• Aucun résultat trouvé

Les conditions nécessaires à la mise en place de compromis

Chapitre 3 : La présence d’un tiers : le parrain

3.2 Le parrain comme facilitateur des compromis

3.2.1 Les conditions nécessaires à la mise en place de compromis

Nous avons vu que le compromis était une figure quasi absente de la configuration dyadique tuteur/parrain. Celle-ci est régie par un rapport de force institutionnel trop nettement en faveur du tuteur pour qu’il ait besoin de se lancer dans des compromis. La configuration triadique autorise plus aisément l’apparition de compromis.

Toutefois pour rendre cette figure envisageable il faut que le parrain en prépare le terrain. Ce qui rend le compromis plausible, et même possible, c’est l’absolue nécessité pour le parrain de ne jamais apparaître aux yeux du tuteur comme un rival ou un concurrent. Le parrain va demander au tuteur de se remettre partiellement en cause ; il est donc nécessaire qu’un lien de confiance désamorce les interventions du parrain comme des épreuves auxquelles le tuteur devrait se soumettre au risque du désaveu.

Pour gagner la confiance du tuteur, le parrain apporte de l’eau à son moulin. Il ne s’agit pas d’un masque sous lequel le parrain dissimulerait son vrai projet de conspirateur préparant dans l’ombre une insurrection contre le tuteur. Le parrain ne vise aucun soulèvement, il est objectivement l’allié du tuteur. Au contraire, plus l’activité du tiers apparaitra au tuteur comme intégrée à la sienne plus il sera prêt à ce que le parrain lui apporte « un coup de main » ou même son savoir (non pas une expertise concurrente). Le parrain avant même d’essayer de frayer un compromis doit donc remplir une fonction de légitimation du tuteur moins sur un mode institutionnel que par la reconnaissance de son expertise qu’il lui témoigne.

La seconde condition pour que le compromis puisse être frayé est que le parrain, lors des entretiens conseil, offre de possibles contenus alternatifs respectant les règles enseignées par le tuteur.
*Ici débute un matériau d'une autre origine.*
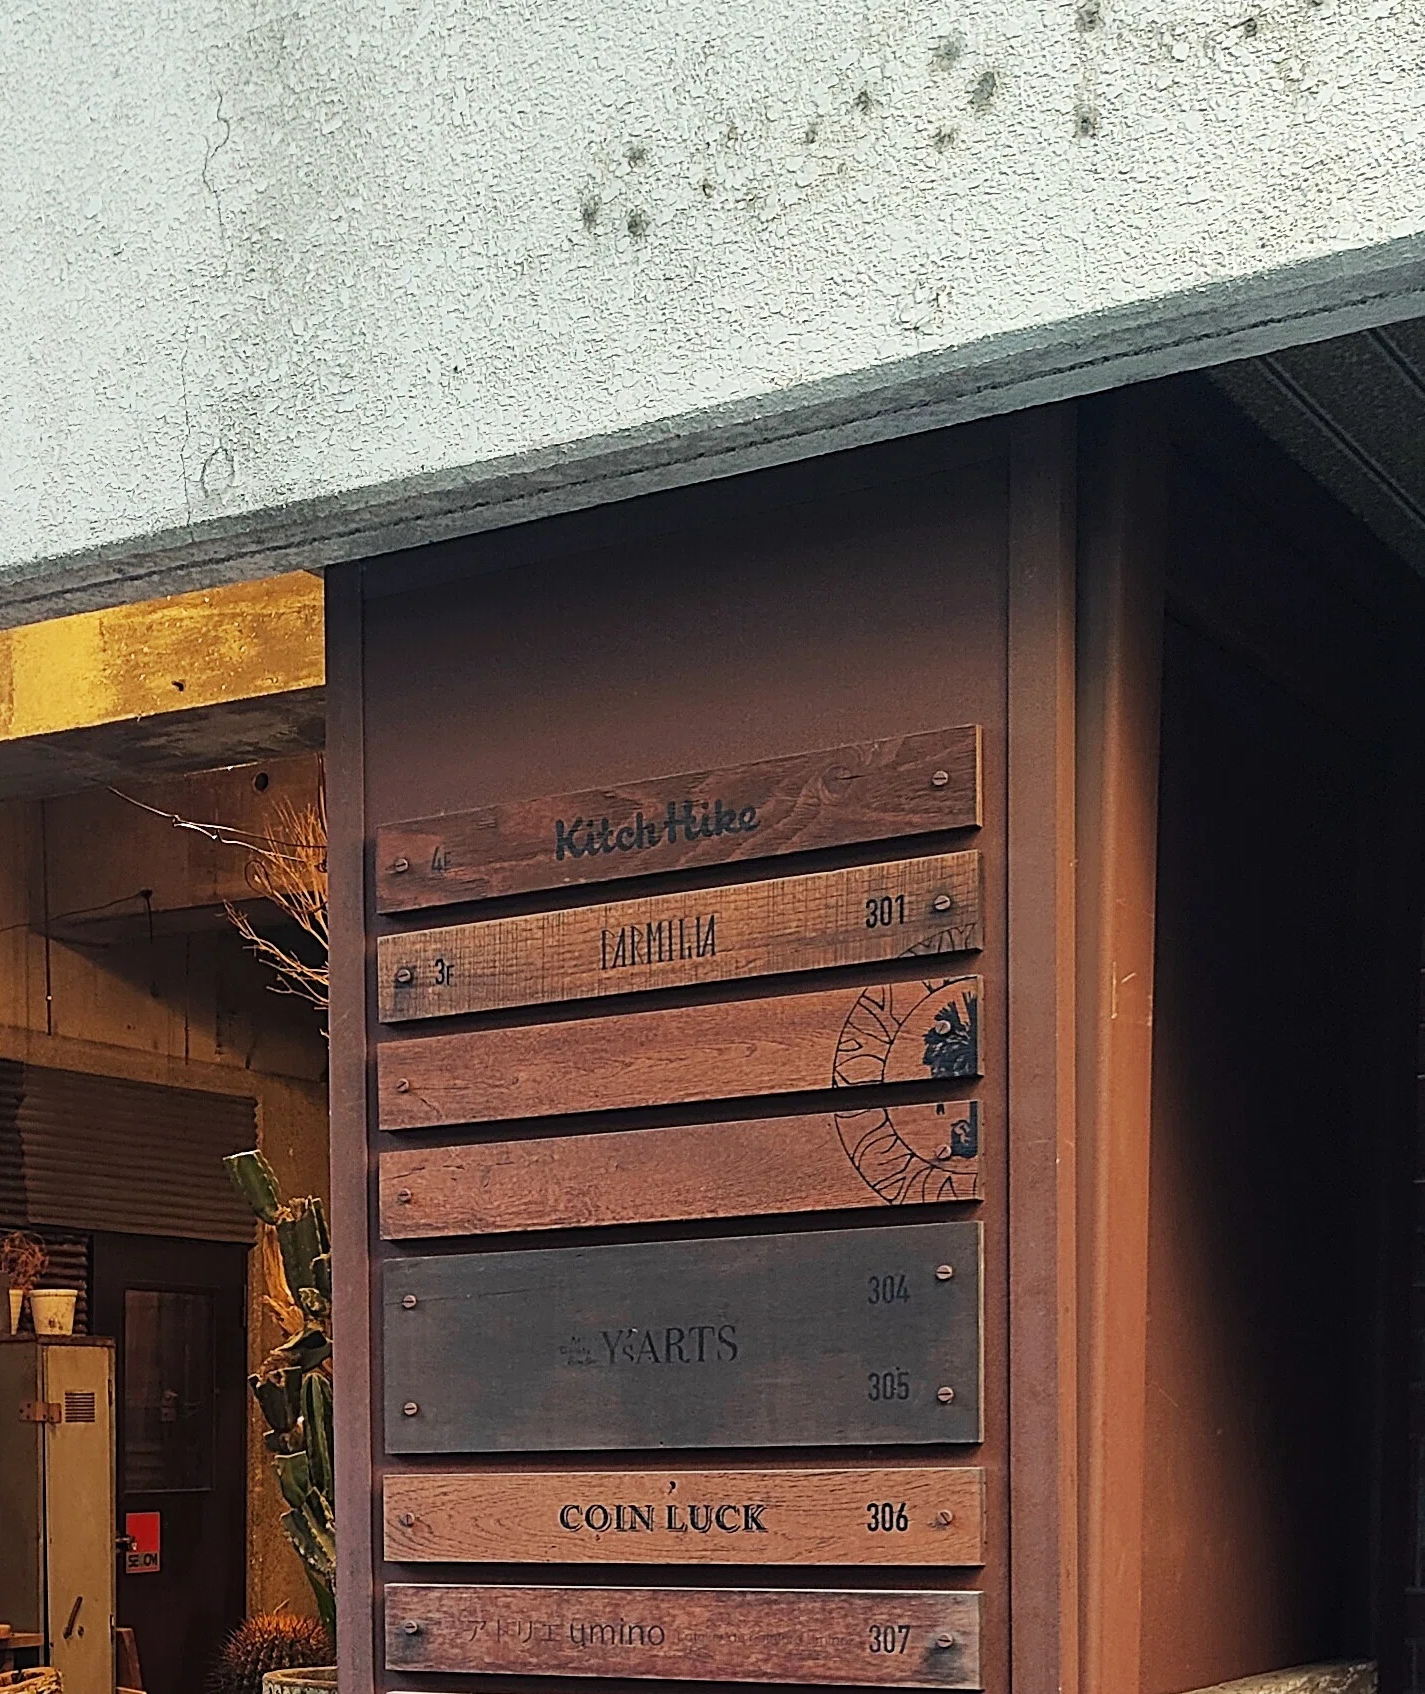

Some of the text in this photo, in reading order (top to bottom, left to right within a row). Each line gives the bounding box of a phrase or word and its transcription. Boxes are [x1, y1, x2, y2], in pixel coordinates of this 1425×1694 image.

Le parrain peut alors servir de réservoir auxiliaire de solutions quand le tuteur semble à court. Il ne s’oppose jamais au tuteur sur le fond, mais peut adroitement prendre le relais pour offrir des solutions alternatives. De fait, dans l’extrait suivant c’est finalement le parrain qui va conseiller l’enseignant novice et lui proposer des solutions à mettre en œuvre :

Conseil Pédagogique (chercheur/enseignant novice 3/parrain 3/tuteur 3)

EN3 : c’est-à-dire que ton objectif, dès la leçon un tu l’as ?

PA3 : quel est l’objectif du cycle ? Tu sais comment ça se passe, c’est guidé par la compétence attendue, notre objectif, ce sera de progresser collectivement vers la cible pour aller marquer

EN3 : pour moi, ça, ça vient en leçon deux, une fois que tu as fait ton diagnostique.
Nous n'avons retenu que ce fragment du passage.